Required action: Transcribe exactly, please, the lines from the one containing "this 1770×1646 image." through the end of the records below, and leave out the pictures.

Records shown:

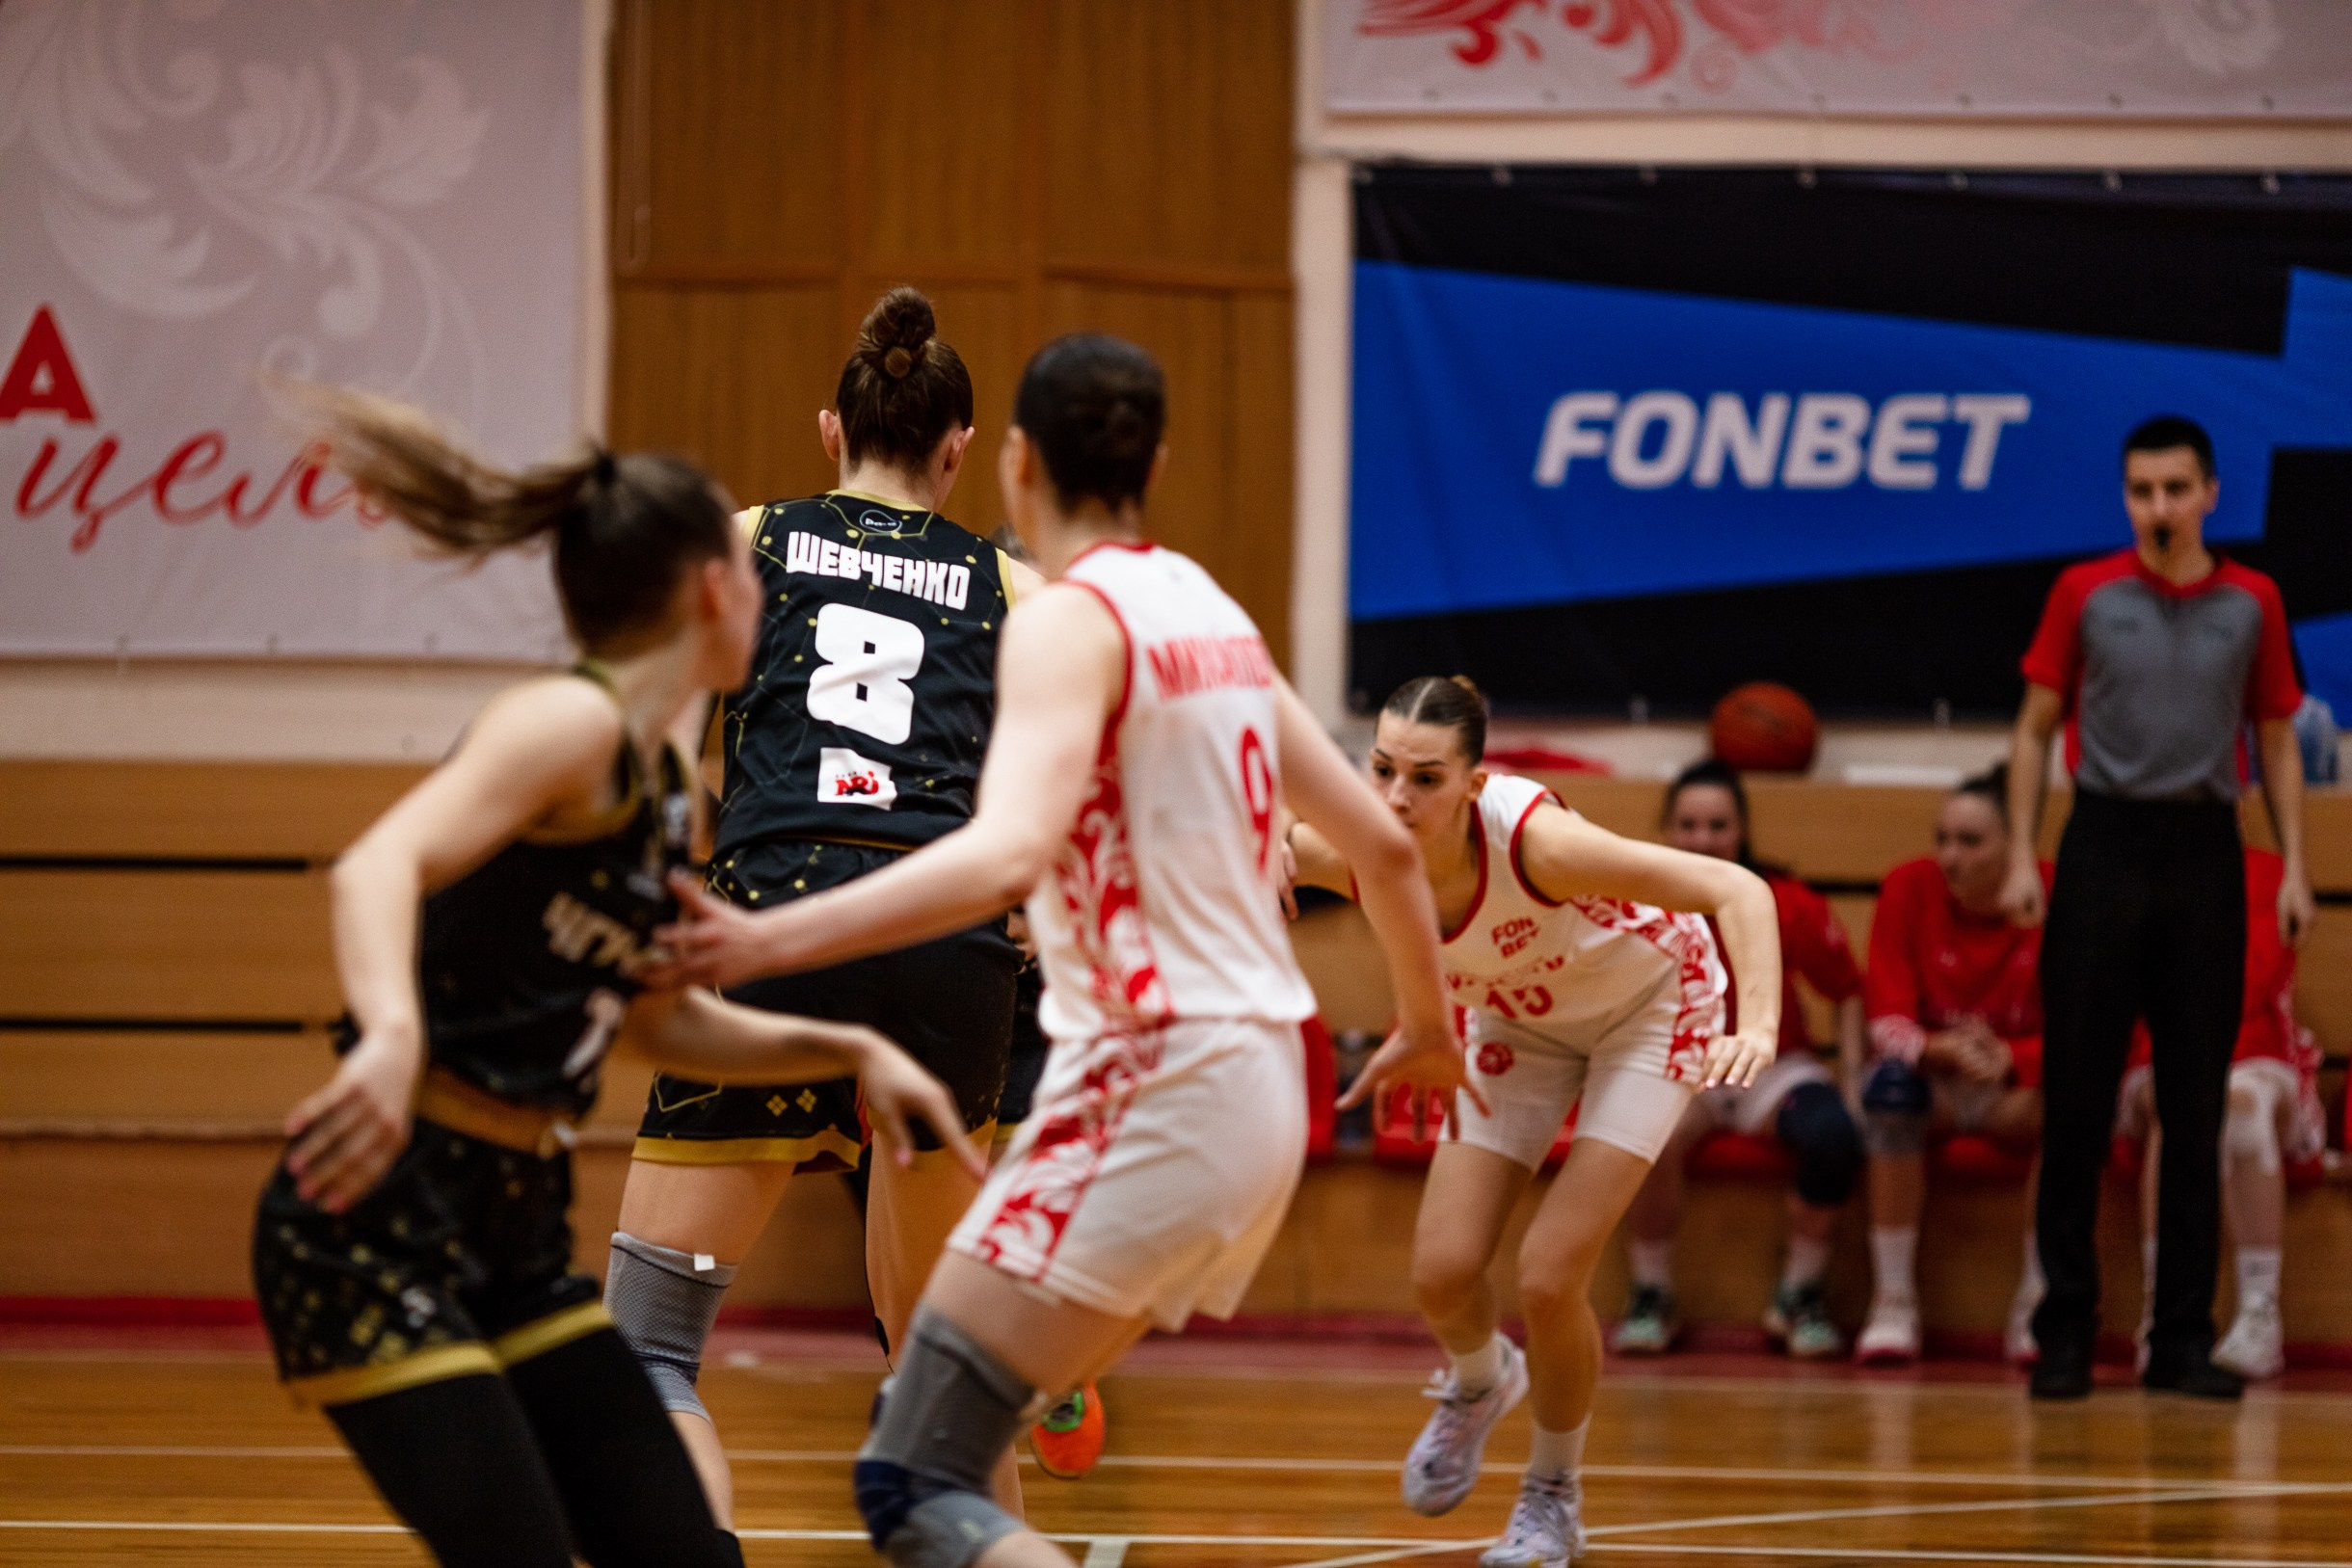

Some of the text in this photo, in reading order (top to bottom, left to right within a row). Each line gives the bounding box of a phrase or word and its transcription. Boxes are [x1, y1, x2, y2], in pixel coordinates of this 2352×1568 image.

[1535, 390, 2031, 490] FONBET
[786, 531, 971, 611] ШЕВЧЕНКО
[806, 602, 925, 746] 8
[1239, 726, 1274, 877] 9
[1491, 917, 1535, 945] FON
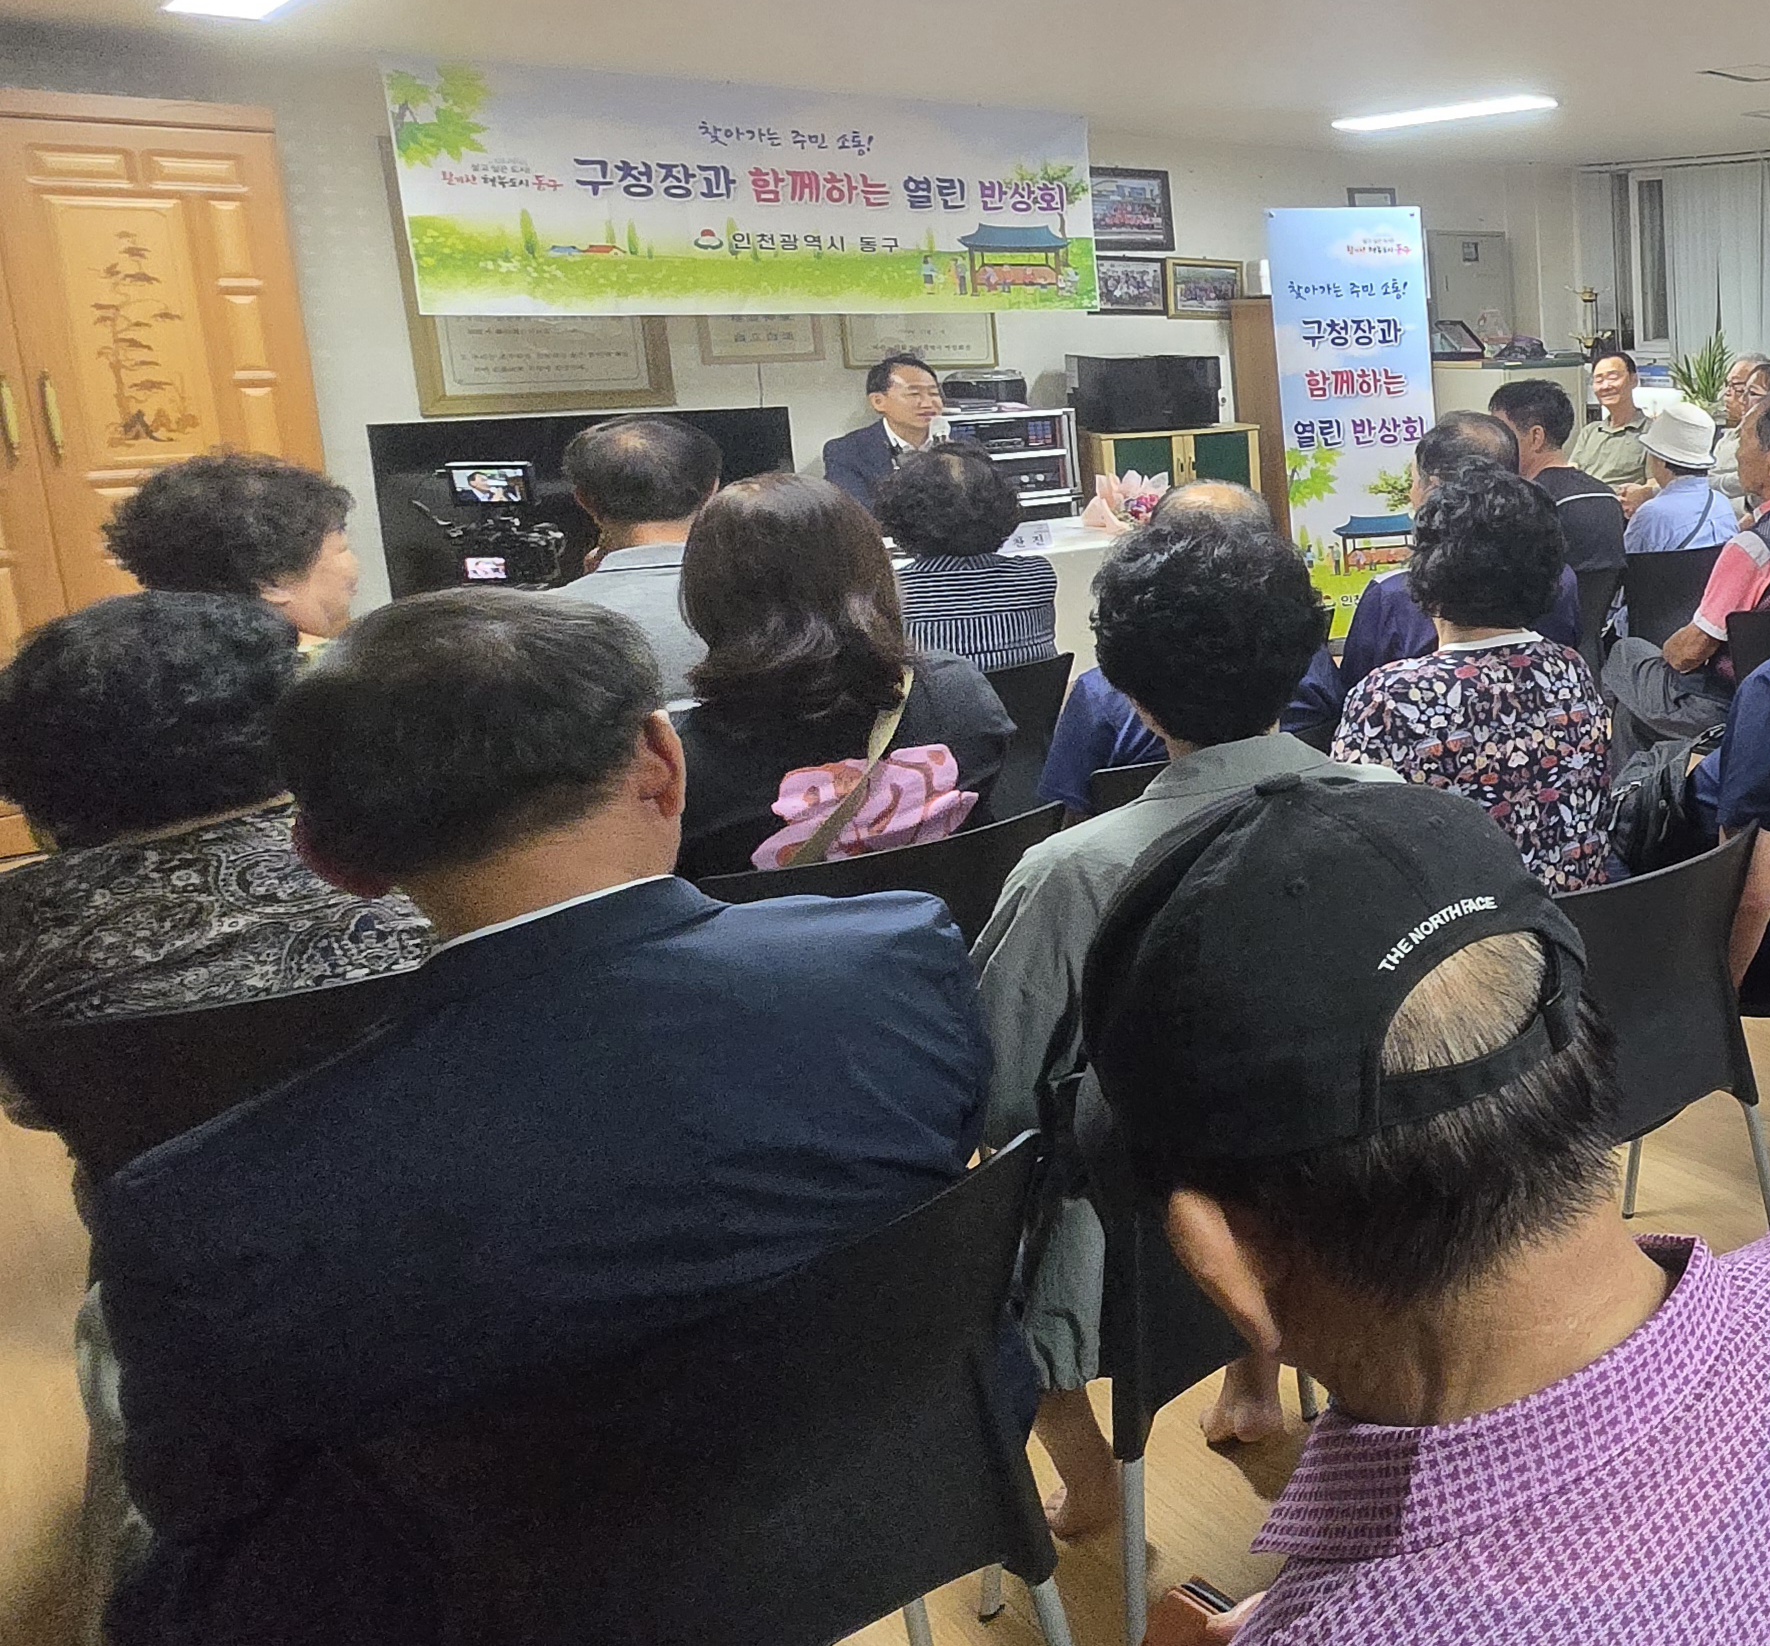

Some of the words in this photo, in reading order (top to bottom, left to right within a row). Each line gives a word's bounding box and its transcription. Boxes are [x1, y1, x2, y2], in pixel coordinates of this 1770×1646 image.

[699, 121, 782, 147] 찾아가는
[791, 129, 828, 150] 주민
[837, 131, 875, 157] 소통!
[532, 174, 564, 192] 동구
[573, 157, 737, 199] 구청장과
[748, 167, 891, 206] 함께하는
[903, 175, 966, 209] 열린
[978, 180, 1068, 213] 반상회
[732, 232, 845, 252] 인천광역시
[859, 236, 899, 253] 동구
[1288, 281, 1344, 301] 찾아가는
[1350, 282, 1376, 298] 주민
[1381, 278, 1408, 300] 소통!
[1302, 318, 1402, 348] 구청장과
[1305, 367, 1405, 398] 함께하는
[1293, 418, 1342, 449] 열린
[1351, 416, 1425, 446] 반상회
[1377, 937, 1413, 971] THE
[1408, 903, 1463, 945] NORTH
[1460, 896, 1498, 915] FACE
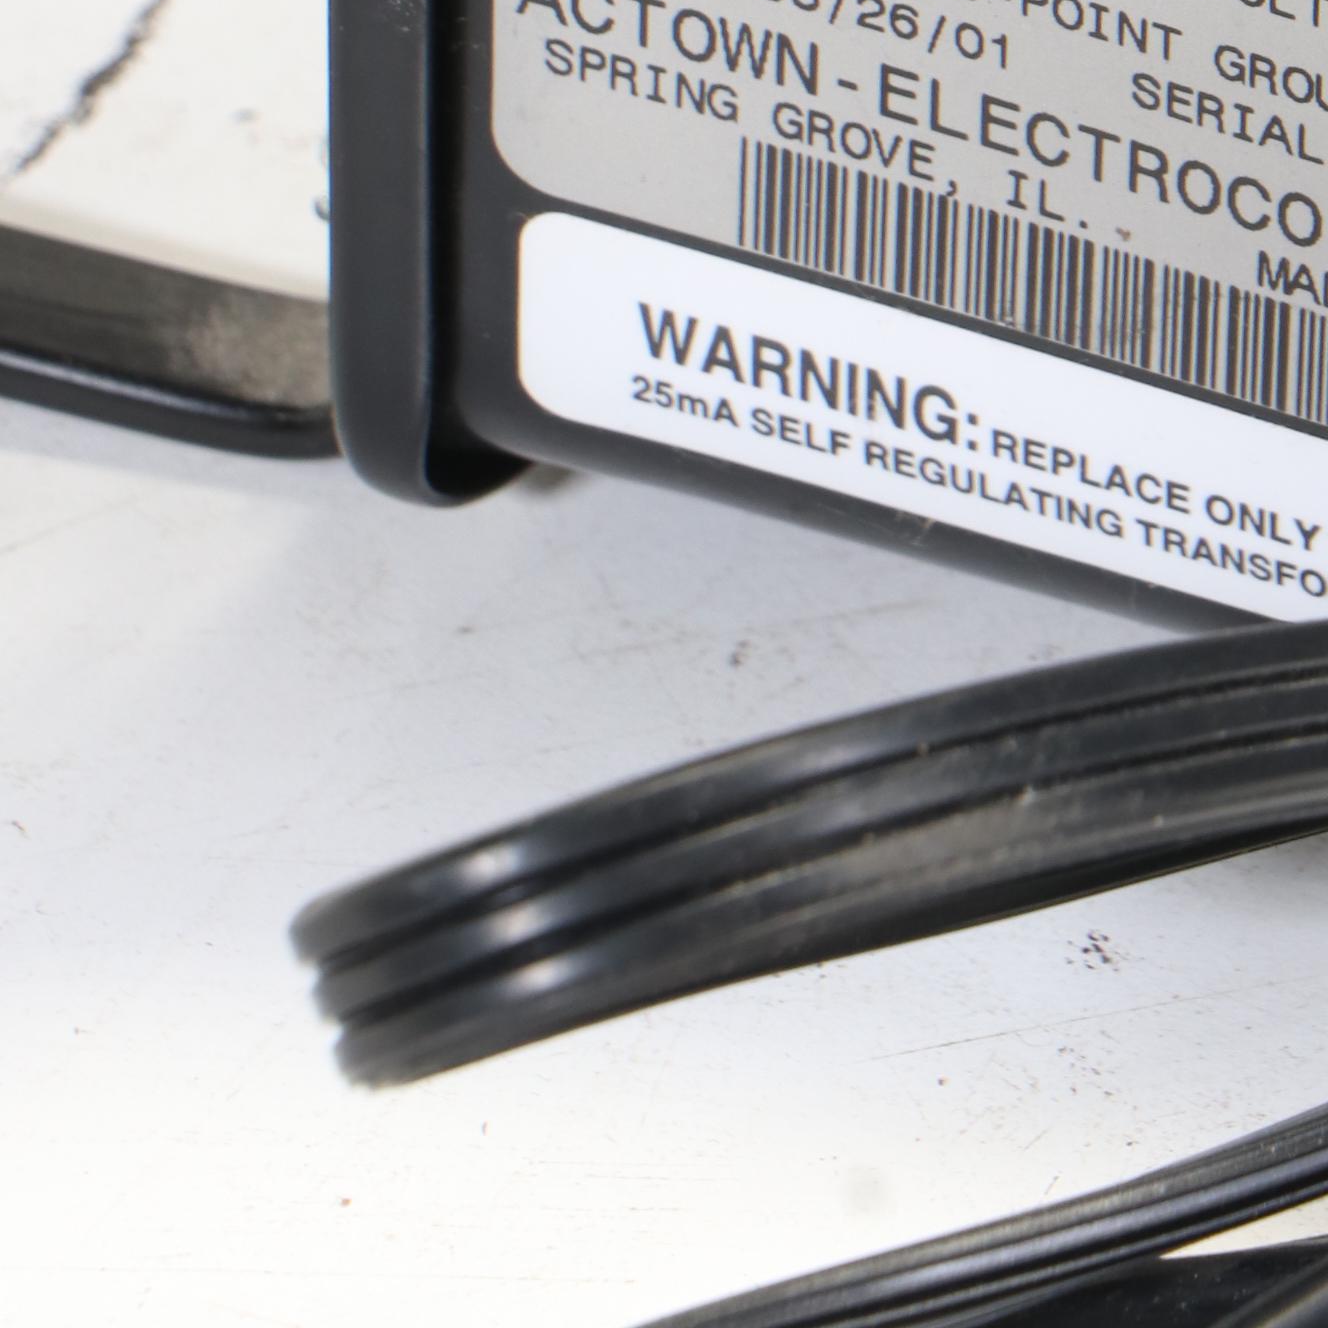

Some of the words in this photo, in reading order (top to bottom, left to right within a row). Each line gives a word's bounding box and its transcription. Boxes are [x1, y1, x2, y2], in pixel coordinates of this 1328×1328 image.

Reply to the exercise:
Some of the words in this photo, in reading order (top to bottom, left to right within a row). Each line gives a word's bounding box and its transcription. Boxes are [x1, y1, x2, y2], in pixel coordinates of this 1770×1646 image.

[699, 121, 782, 147] 찾아가는
[791, 129, 828, 150] 주민
[837, 131, 875, 157] 소통!
[532, 174, 564, 192] 동구
[573, 157, 737, 199] 구청장과
[748, 167, 891, 206] 함께하는
[903, 175, 966, 209] 열린
[978, 180, 1068, 213] 반상회
[732, 232, 845, 252] 인천광역시
[859, 236, 899, 253] 동구
[1288, 281, 1344, 301] 찾아가는
[1350, 282, 1376, 298] 주민
[1381, 278, 1408, 300] 소통!
[1302, 318, 1402, 348] 구청장과
[1305, 367, 1405, 398] 함께하는
[1293, 418, 1342, 449] 열린
[1351, 416, 1425, 446] 반상회
[1377, 937, 1413, 971] THE
[1408, 903, 1463, 945] NORTH
[1460, 896, 1498, 915] FACE

Some of the words in this photo, in reading order (top to bottom, left to right within a row). Each line gives a word's bounding box and its transcription. Boxes are [x1, y1, x2, y2], in pixel coordinates of this 1328×1328 image.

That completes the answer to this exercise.